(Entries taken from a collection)
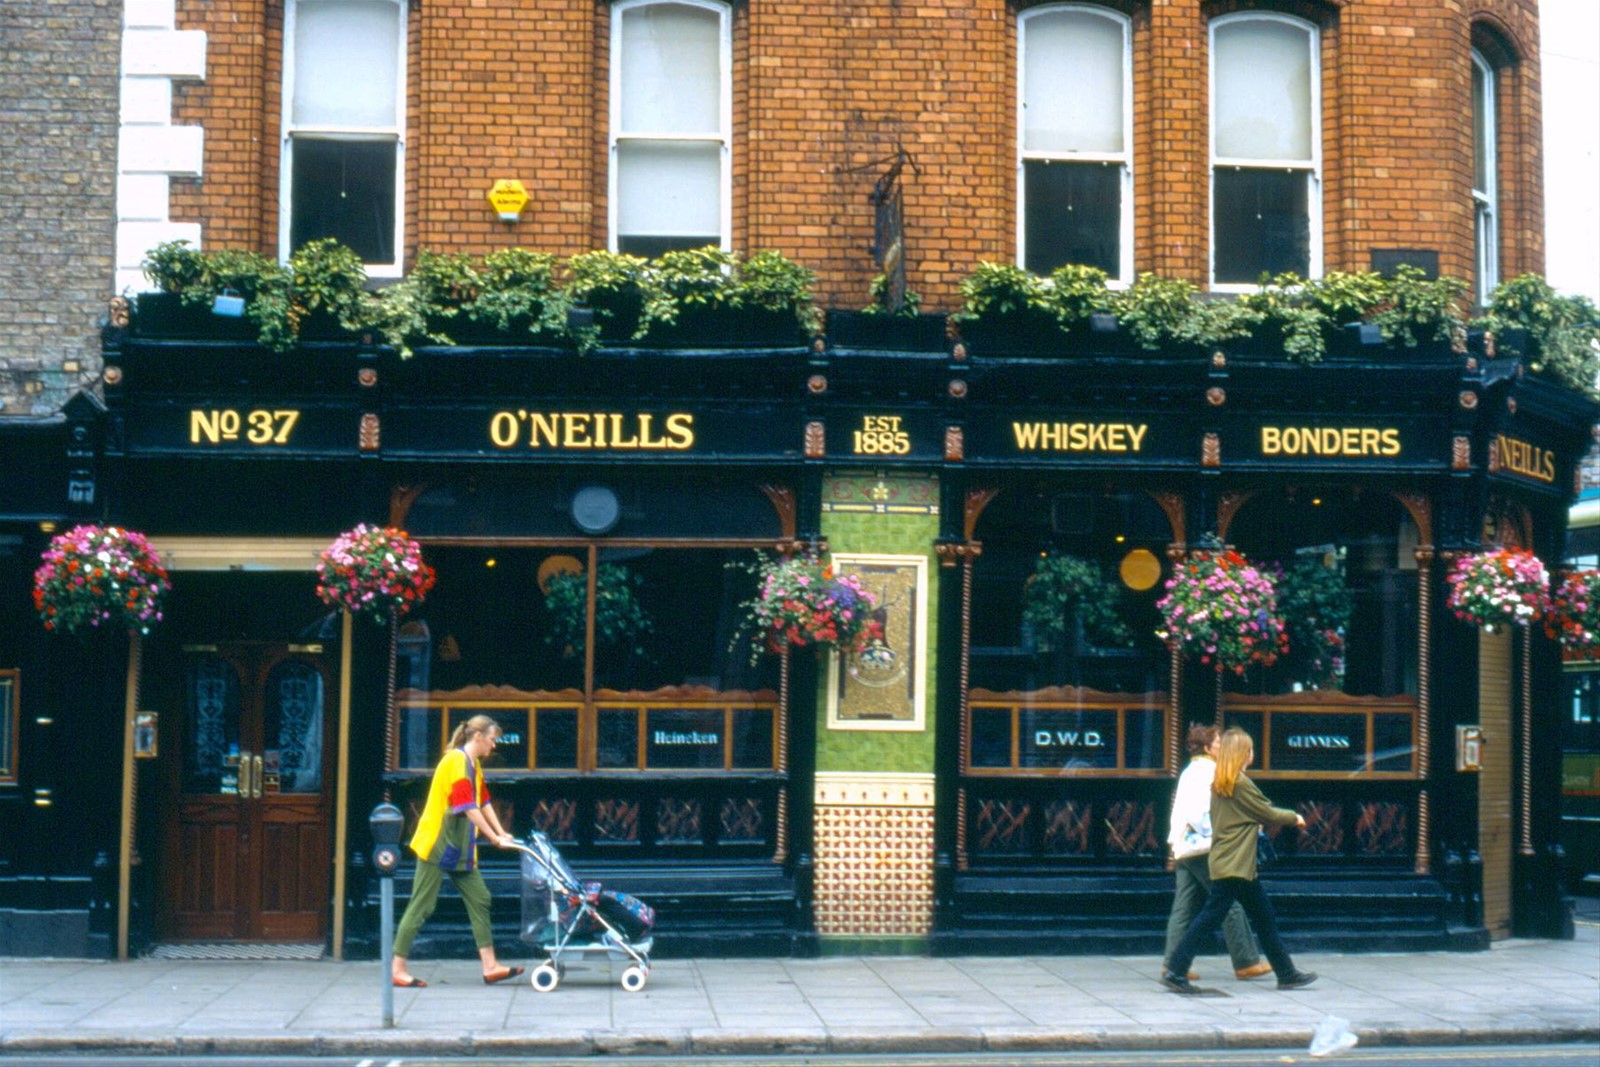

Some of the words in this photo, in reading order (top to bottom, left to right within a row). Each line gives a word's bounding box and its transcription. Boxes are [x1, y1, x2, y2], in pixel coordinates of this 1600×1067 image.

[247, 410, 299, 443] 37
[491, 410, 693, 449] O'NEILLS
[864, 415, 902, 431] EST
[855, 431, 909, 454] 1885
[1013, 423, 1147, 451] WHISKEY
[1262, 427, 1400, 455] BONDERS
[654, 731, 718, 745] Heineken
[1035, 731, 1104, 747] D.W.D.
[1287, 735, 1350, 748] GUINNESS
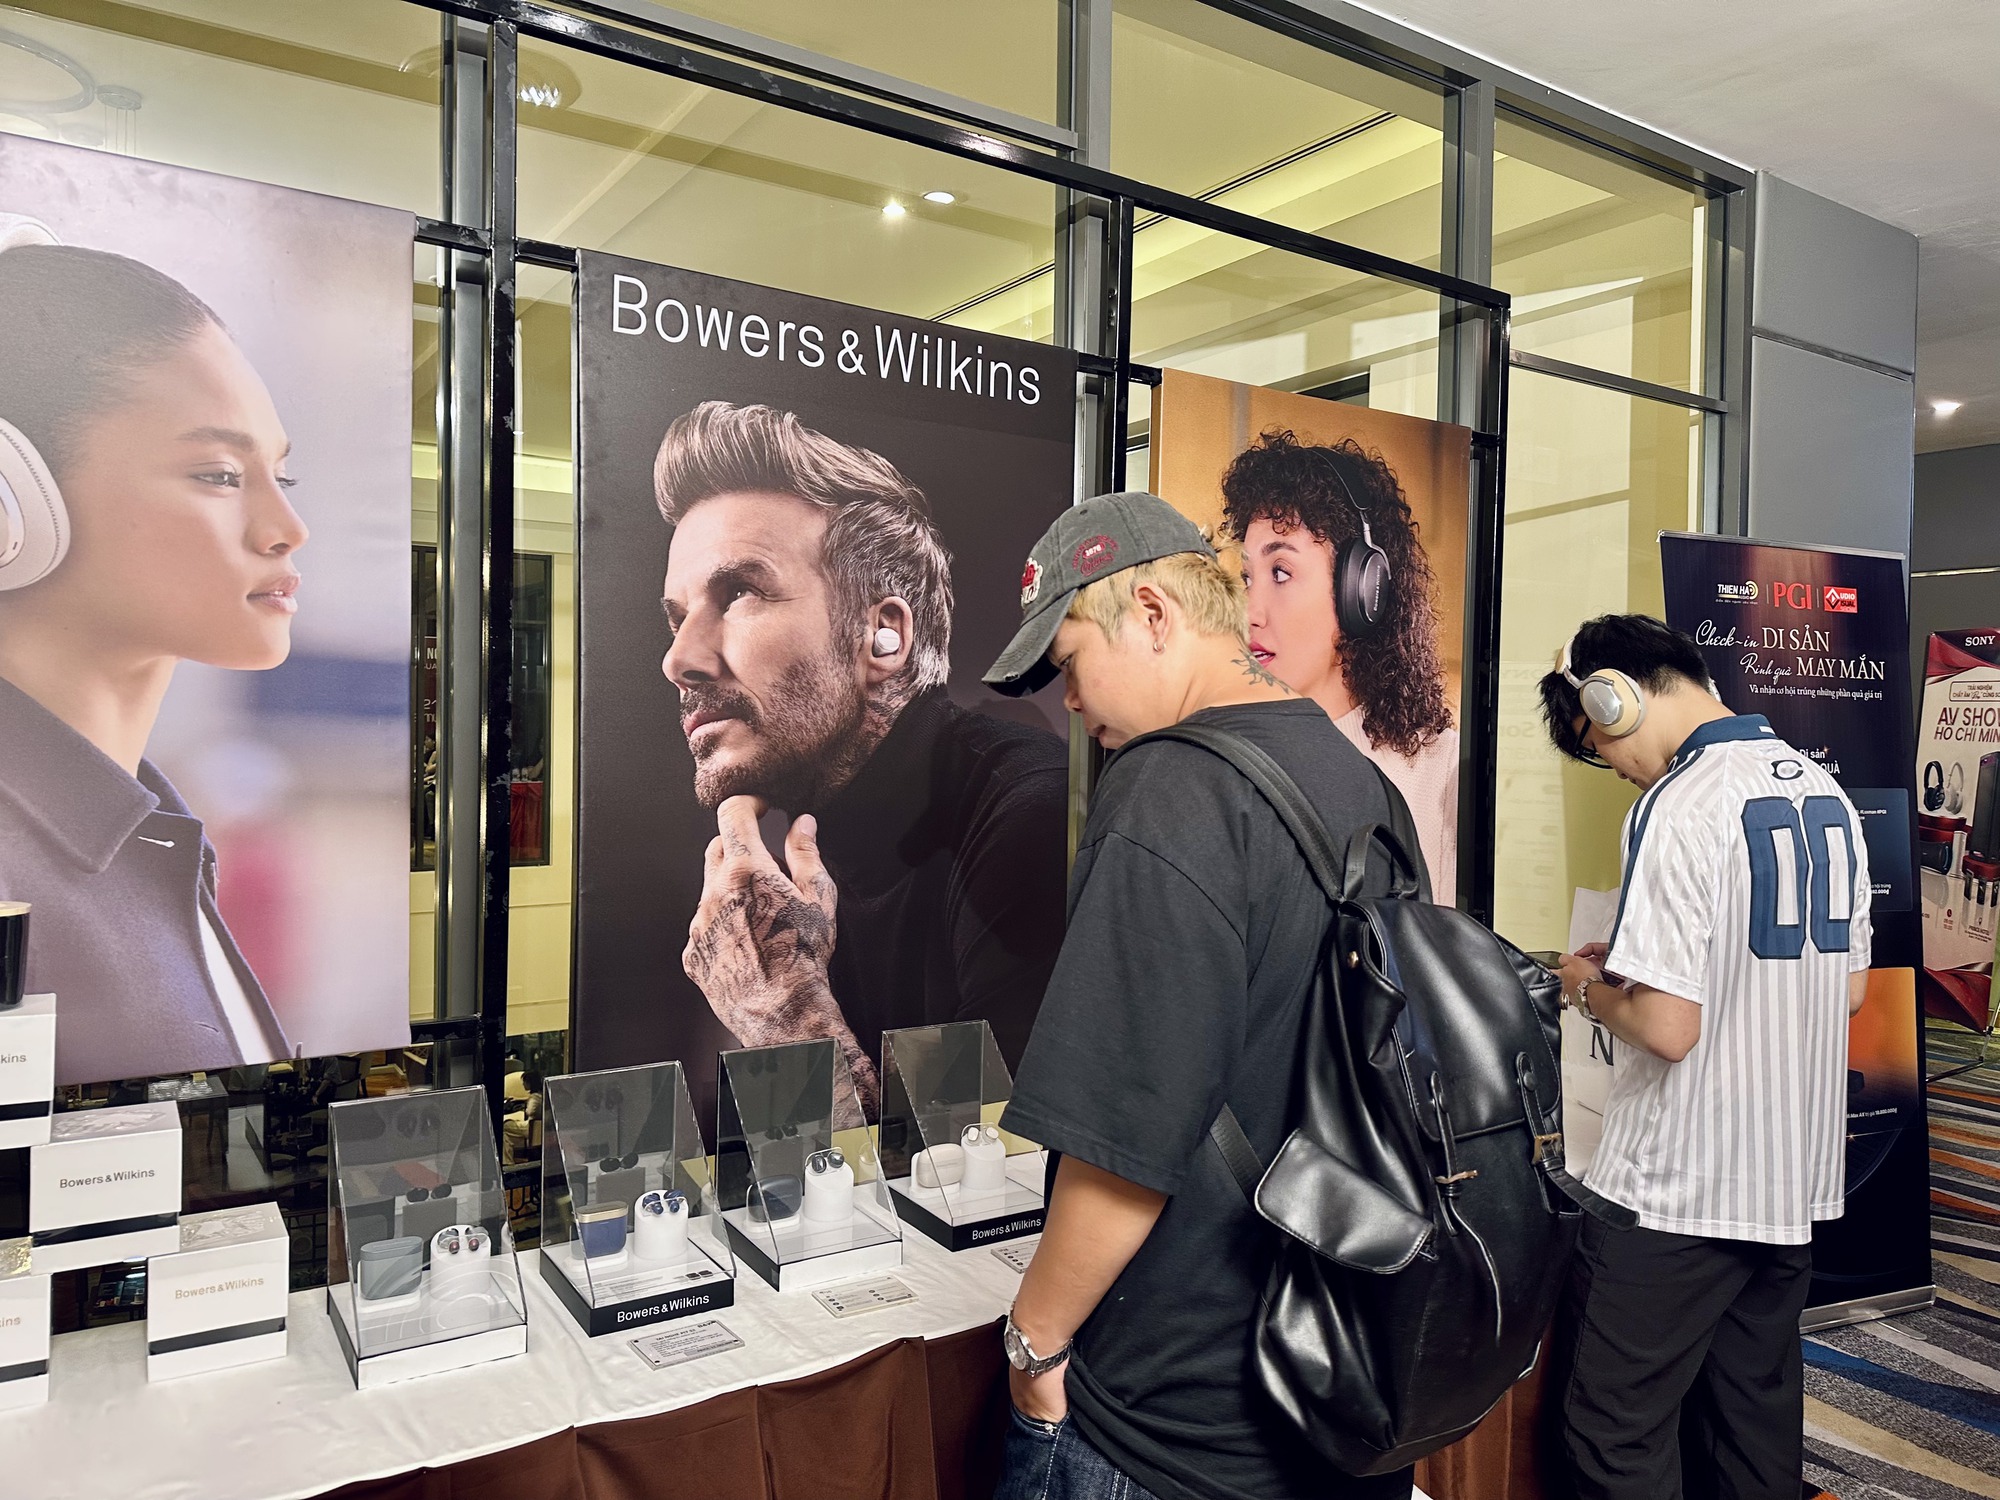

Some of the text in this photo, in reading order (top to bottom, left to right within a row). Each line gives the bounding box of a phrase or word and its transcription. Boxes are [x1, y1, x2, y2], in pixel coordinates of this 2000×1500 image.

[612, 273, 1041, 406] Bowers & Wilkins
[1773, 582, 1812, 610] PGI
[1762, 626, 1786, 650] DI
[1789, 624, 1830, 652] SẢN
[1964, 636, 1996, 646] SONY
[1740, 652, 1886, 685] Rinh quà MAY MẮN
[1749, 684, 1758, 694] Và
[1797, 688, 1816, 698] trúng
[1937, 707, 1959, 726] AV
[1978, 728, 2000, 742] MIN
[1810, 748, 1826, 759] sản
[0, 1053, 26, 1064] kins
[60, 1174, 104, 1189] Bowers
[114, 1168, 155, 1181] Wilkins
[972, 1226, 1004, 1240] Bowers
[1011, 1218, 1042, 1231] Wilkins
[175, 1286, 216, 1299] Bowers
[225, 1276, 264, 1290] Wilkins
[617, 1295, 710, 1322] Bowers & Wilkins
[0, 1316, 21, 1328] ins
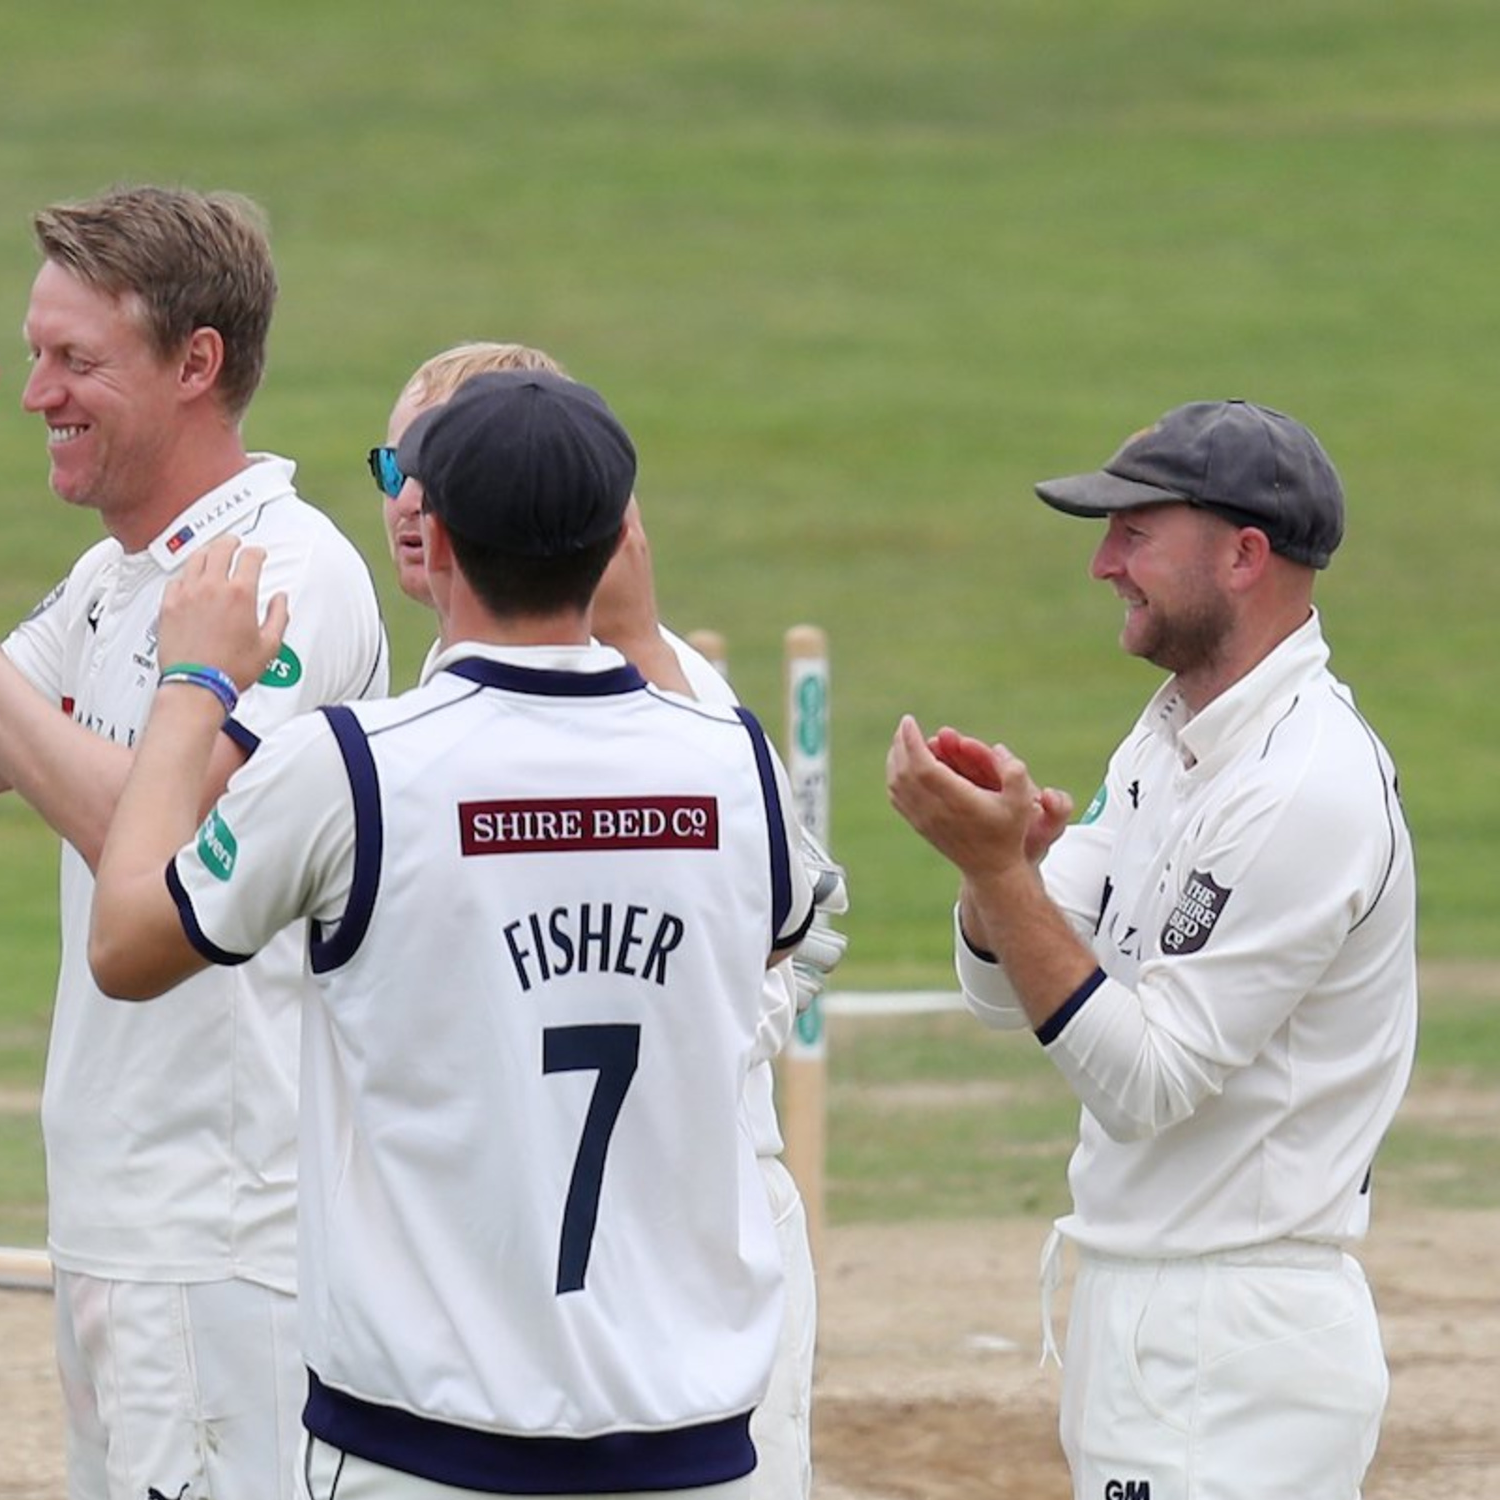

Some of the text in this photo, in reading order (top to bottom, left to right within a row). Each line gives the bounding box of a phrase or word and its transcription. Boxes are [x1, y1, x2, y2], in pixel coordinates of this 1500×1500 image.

• [Task objective]
If pictures appear in the data, omit them and copy all other parts exactly.

• [Completed task]
Some of the words in this photo, in reading order (top to bottom, left to right within a row). Each line gives a word's bounding box and its transcription. Boxes are [x1, y1, x2, y2], in pixel coordinates of this 1600×1067 image.

[247, 410, 299, 443] 37
[491, 410, 693, 449] O'NEILLS
[864, 415, 902, 431] EST
[855, 431, 909, 454] 1885
[1013, 423, 1147, 451] WHISKEY
[1262, 427, 1400, 455] BONDERS
[654, 731, 718, 745] Heineken
[1035, 731, 1104, 747] D.W.D.
[1287, 735, 1350, 748] GUINNESS

Some of the text in this photo, in reading order (top to bottom, left to right within a row). Each line gives the bounding box of a phrase or word and its transcription. Boxes are [x1, y1, x2, y2], in pixel coordinates of this 2000×1500 image.

[612, 273, 1041, 406] Bowers & Wilkins
[1773, 582, 1812, 610] PGI
[1762, 626, 1786, 650] DI
[1789, 624, 1830, 652] SẢN
[1964, 636, 1996, 646] SONY
[1740, 652, 1886, 685] Rinh quà MAY MẮN
[1749, 684, 1758, 694] Và
[1797, 688, 1816, 698] trúng
[1937, 707, 1959, 726] AV
[1978, 728, 2000, 742] MIN
[1810, 748, 1826, 759] sản
[0, 1053, 26, 1064] kins
[60, 1174, 104, 1189] Bowers
[114, 1168, 155, 1181] Wilkins
[972, 1226, 1004, 1240] Bowers
[1011, 1218, 1042, 1231] Wilkins
[175, 1286, 216, 1299] Bowers
[225, 1276, 264, 1290] Wilkins
[617, 1295, 710, 1322] Bowers & Wilkins
[0, 1316, 21, 1328] ins

Some of the text in this photo, in reading order (top to bottom, left to right within a row). Each line gives the bounding box of a phrase or word and its transcription. Boxes are [x1, y1, x2, y2], in pixel coordinates of this 1500×1500 image.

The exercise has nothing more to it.